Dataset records
◇ ◇ ◇

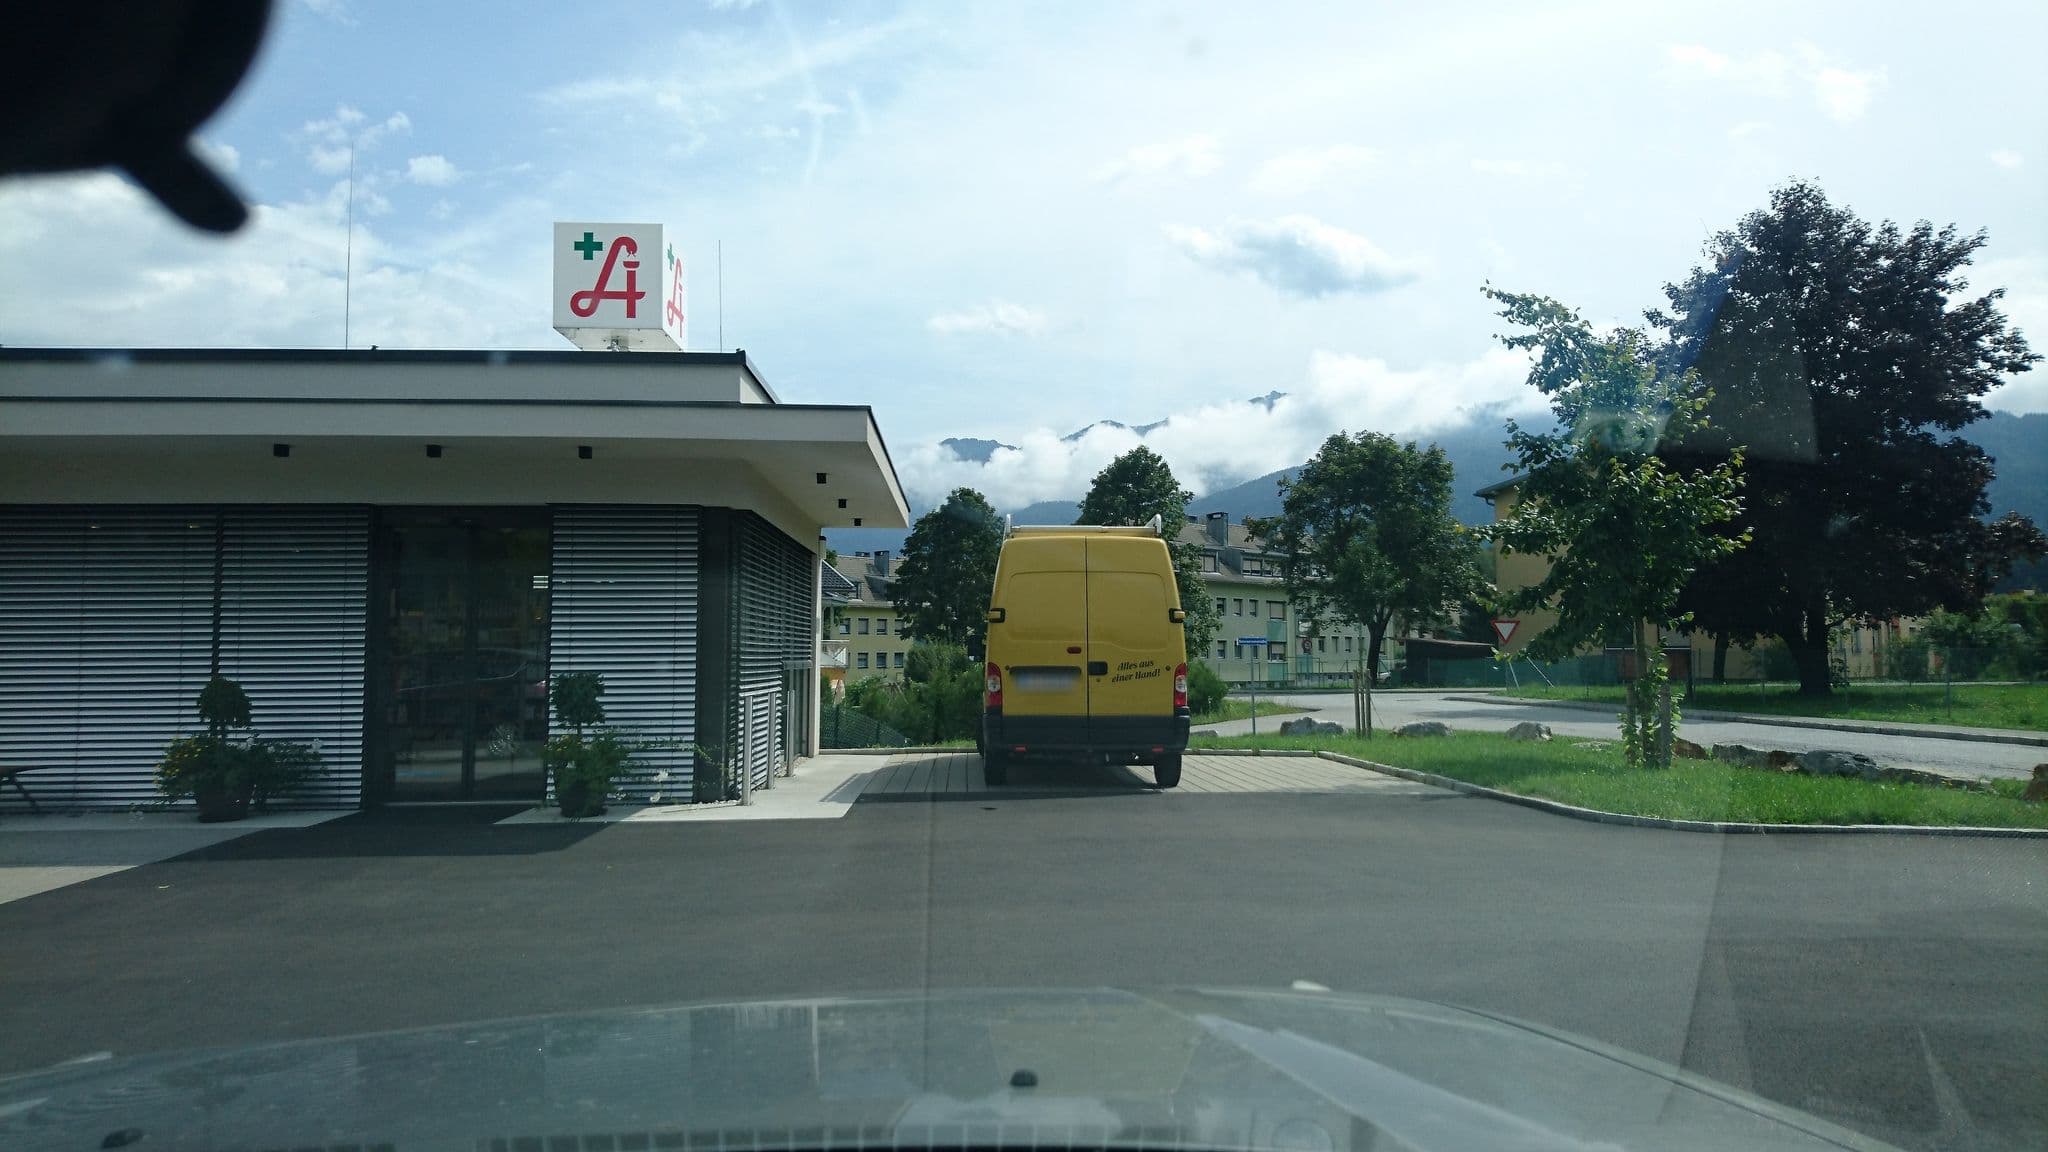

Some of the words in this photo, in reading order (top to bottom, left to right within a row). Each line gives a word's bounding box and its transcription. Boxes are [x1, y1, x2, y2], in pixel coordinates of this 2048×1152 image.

[1117, 661, 1138, 671] Alles
[1139, 660, 1154, 668] aus
[1111, 673, 1133, 683] einer
[1135, 668, 1161, 679] Hand!
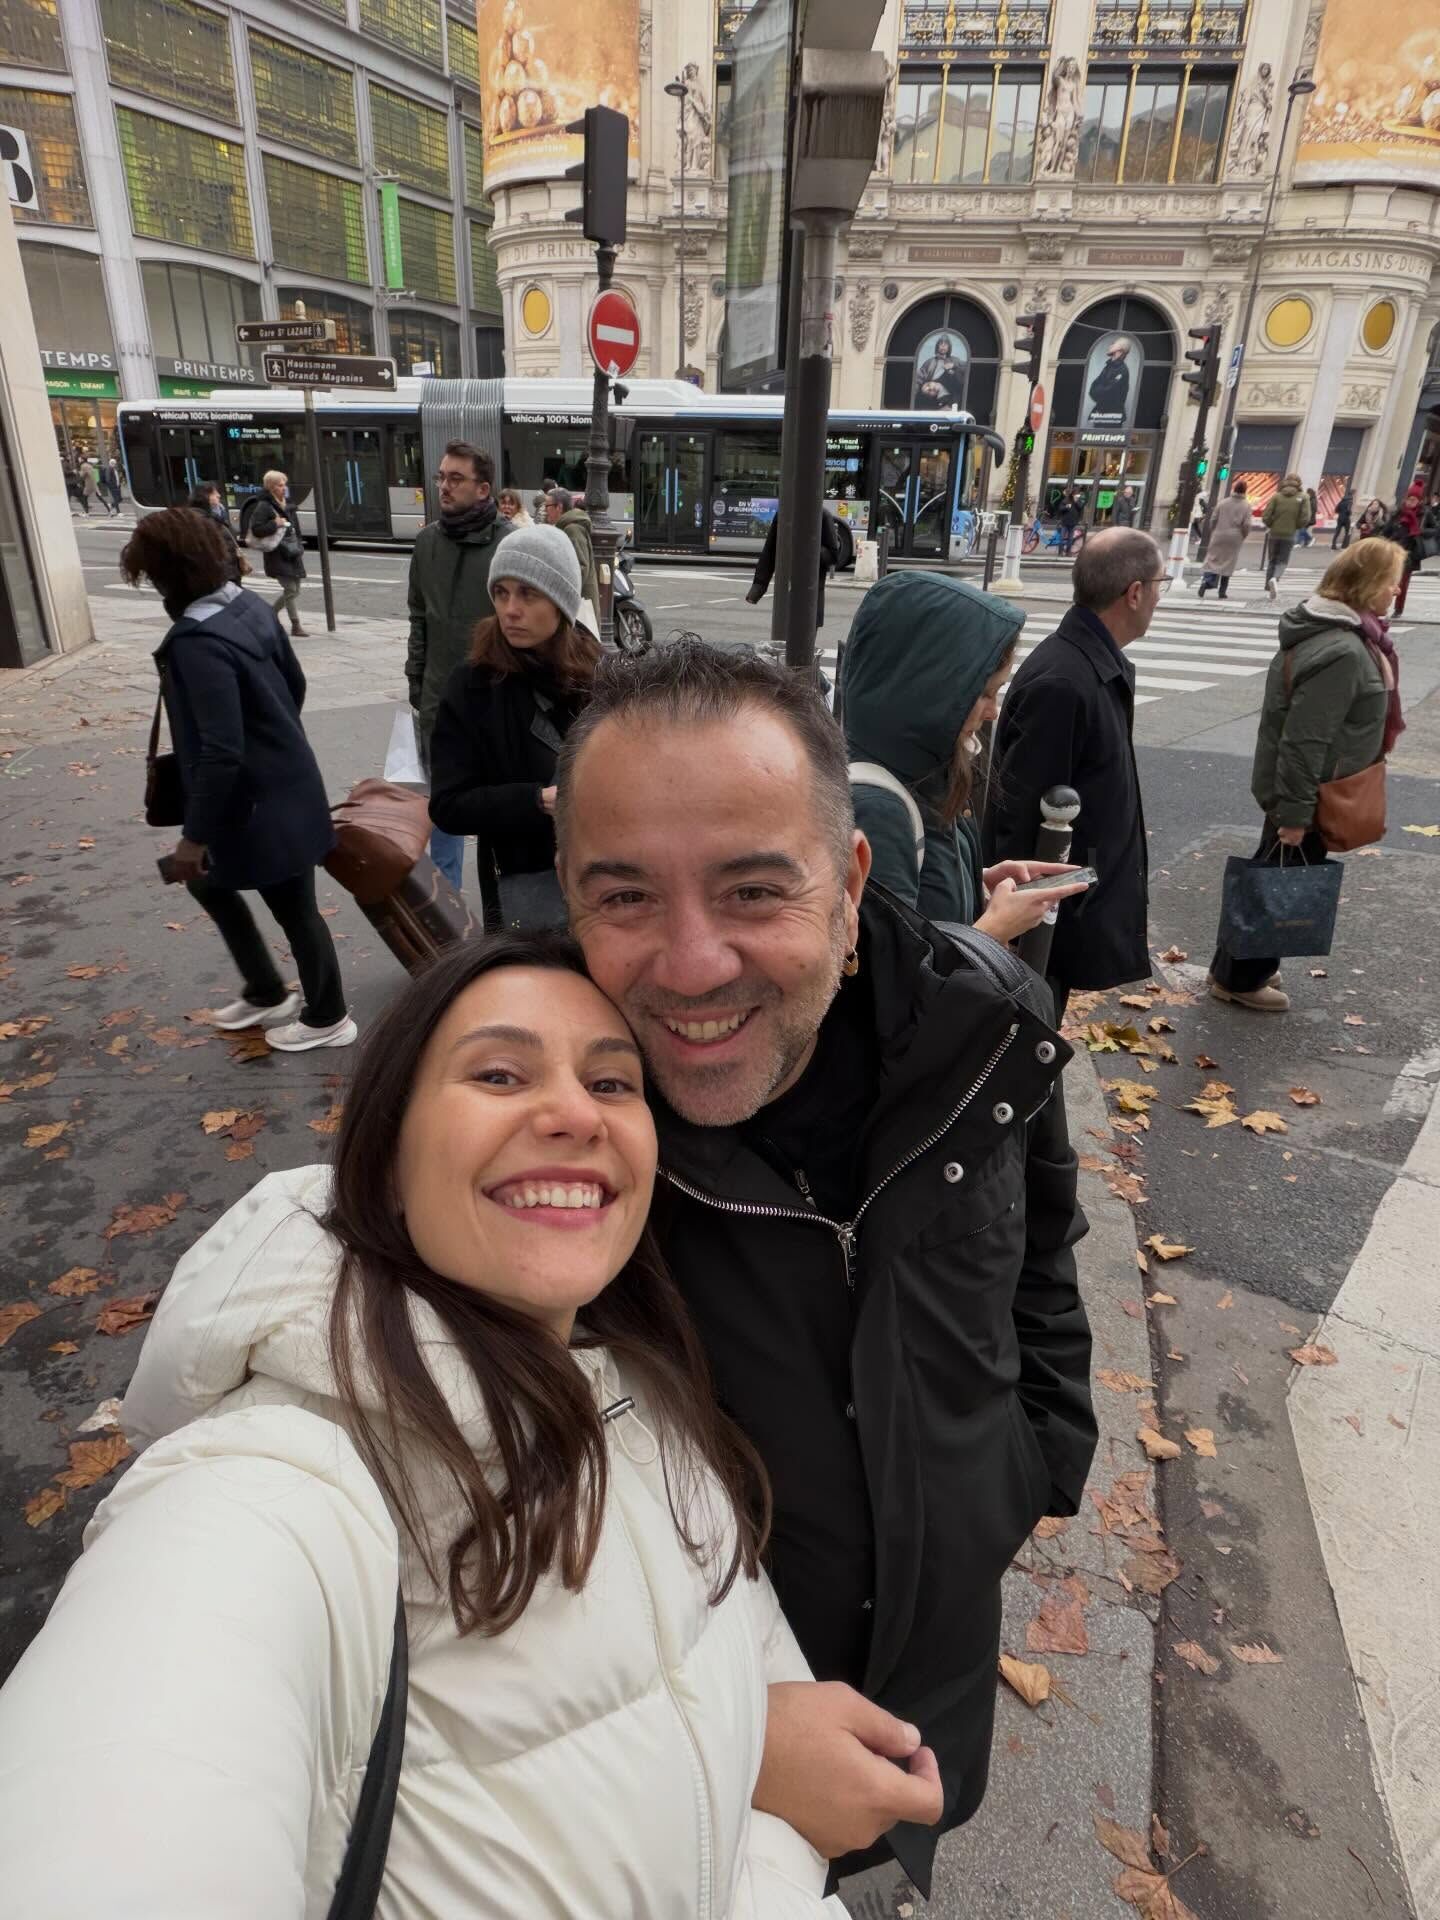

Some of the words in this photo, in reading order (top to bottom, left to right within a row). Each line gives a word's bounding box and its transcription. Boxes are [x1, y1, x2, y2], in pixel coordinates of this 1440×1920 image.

[537, 242, 637, 259] PRINTEPS
[1295, 252, 1394, 270] MAGASINS
[259, 328, 275, 337] Gare
[286, 326, 313, 337] LAZARE
[287, 359, 337, 370] Haussmann
[174, 360, 256, 382] PRINTEMPS
[288, 370, 320, 381] Grands
[322, 372, 364, 383] Magasins
[160, 411, 189, 421] véhicule
[190, 411, 209, 421] 100%
[210, 411, 254, 422] biométhane
[511, 414, 545, 424] véhicule
[546, 415, 569, 424] 100%
[570, 415, 593, 424] biom
[229, 427, 240, 439] 95
[1081, 433, 1126, 442] PRINTEMPS
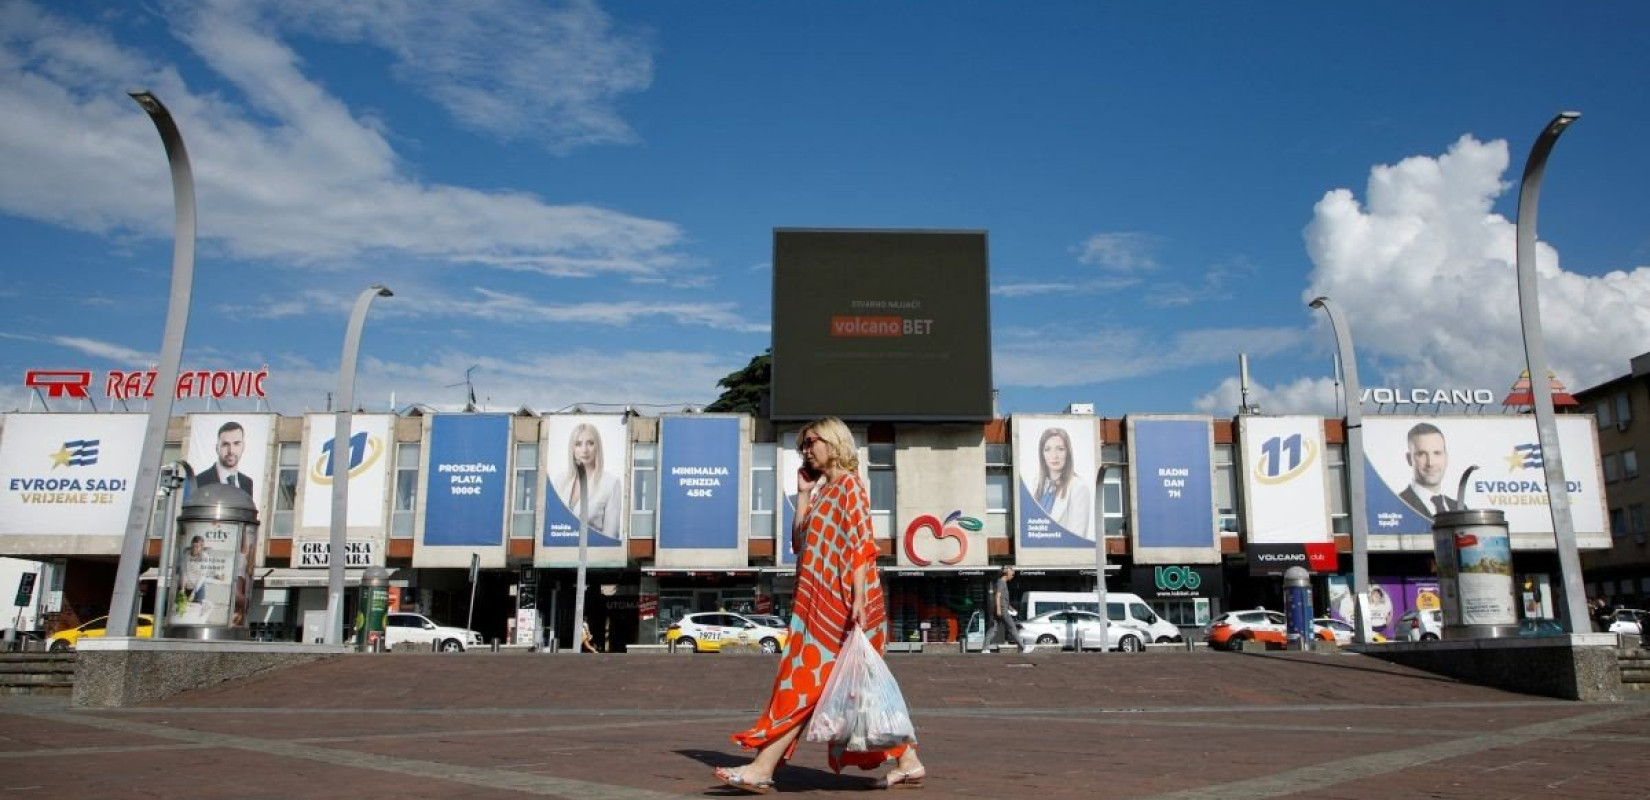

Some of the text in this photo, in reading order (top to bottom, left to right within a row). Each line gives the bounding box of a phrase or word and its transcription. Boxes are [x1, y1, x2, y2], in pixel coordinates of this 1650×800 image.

[903, 319, 934, 335] BET
[106, 364, 268, 398] RAŽATOVIĆ
[1262, 433, 1302, 477] 11
[438, 462, 497, 473] PROSJEČNA
[671, 467, 729, 475] MINIMALNA
[1158, 468, 1189, 477] RADNI
[450, 475, 483, 483] PLATA
[680, 478, 721, 486] PENZIJA
[1163, 479, 1185, 488] DAN
[10, 478, 127, 491] EVROPA SAD!
[1475, 481, 1542, 493] EVROPA
[451, 486, 482, 495] 1000€
[686, 489, 713, 497] 450€
[21, 493, 114, 504] VRIJEME JE!
[1487, 494, 1549, 505] VRIJEME
[303, 543, 370, 553] GRASKA
[302, 554, 370, 565] KNJARA
[1257, 553, 1325, 561] VOLCANO club

◇ ◇ ◇

- **What you need to do**: The data must be reproduced exactly, and no picture may appear in the copy.

- **Answer to this task**:
Some of the words in this photo, in reading order (top to bottom, left to right within a row). Each line gives a word's bounding box and its transcription. Boxes are [x1, y1, x2, y2], in pixel coordinates of this 2048×1152 image.

[1117, 661, 1138, 671] Alles
[1139, 660, 1154, 668] aus
[1111, 673, 1133, 683] einer
[1135, 668, 1161, 679] Hand!

Some of the words in this photo, in reading order (top to bottom, left to right within a row). Each line gives a word's bounding box and its transcription. Boxes are [x1, y1, x2, y2], in pixel coordinates of this 1440×1920 image.

[537, 242, 637, 259] PRINTEPS
[1295, 252, 1394, 270] MAGASINS
[259, 328, 275, 337] Gare
[286, 326, 313, 337] LAZARE
[287, 359, 337, 370] Haussmann
[174, 360, 256, 382] PRINTEMPS
[288, 370, 320, 381] Grands
[322, 372, 364, 383] Magasins
[160, 411, 189, 421] véhicule
[190, 411, 209, 421] 100%
[210, 411, 254, 422] biométhane
[511, 414, 545, 424] véhicule
[546, 415, 569, 424] 100%
[570, 415, 593, 424] biom
[229, 427, 240, 439] 95
[1081, 433, 1126, 442] PRINTEMPS

Some of the text in this photo, in reading order (top to bottom, left to right within a row). Each line gives the bounding box of a phrase or word and its transcription. Boxes are [x1, y1, x2, y2], in pixel coordinates of this 1650×800 image.

[903, 319, 934, 335] BET
[106, 364, 268, 398] RAŽATOVIĆ
[1262, 433, 1302, 477] 11
[438, 462, 497, 473] PROSJEČNA
[671, 467, 729, 475] MINIMALNA
[1158, 468, 1189, 477] RADNI
[450, 475, 483, 483] PLATA
[680, 478, 721, 486] PENZIJA
[1163, 479, 1185, 488] DAN
[10, 478, 127, 491] EVROPA SAD!
[1475, 481, 1542, 493] EVROPA
[451, 486, 482, 495] 1000€
[686, 489, 713, 497] 450€
[21, 493, 114, 504] VRIJEME JE!
[1487, 494, 1549, 505] VRIJEME
[303, 543, 370, 553] GRASKA
[302, 554, 370, 565] KNJARA
[1257, 553, 1325, 561] VOLCANO club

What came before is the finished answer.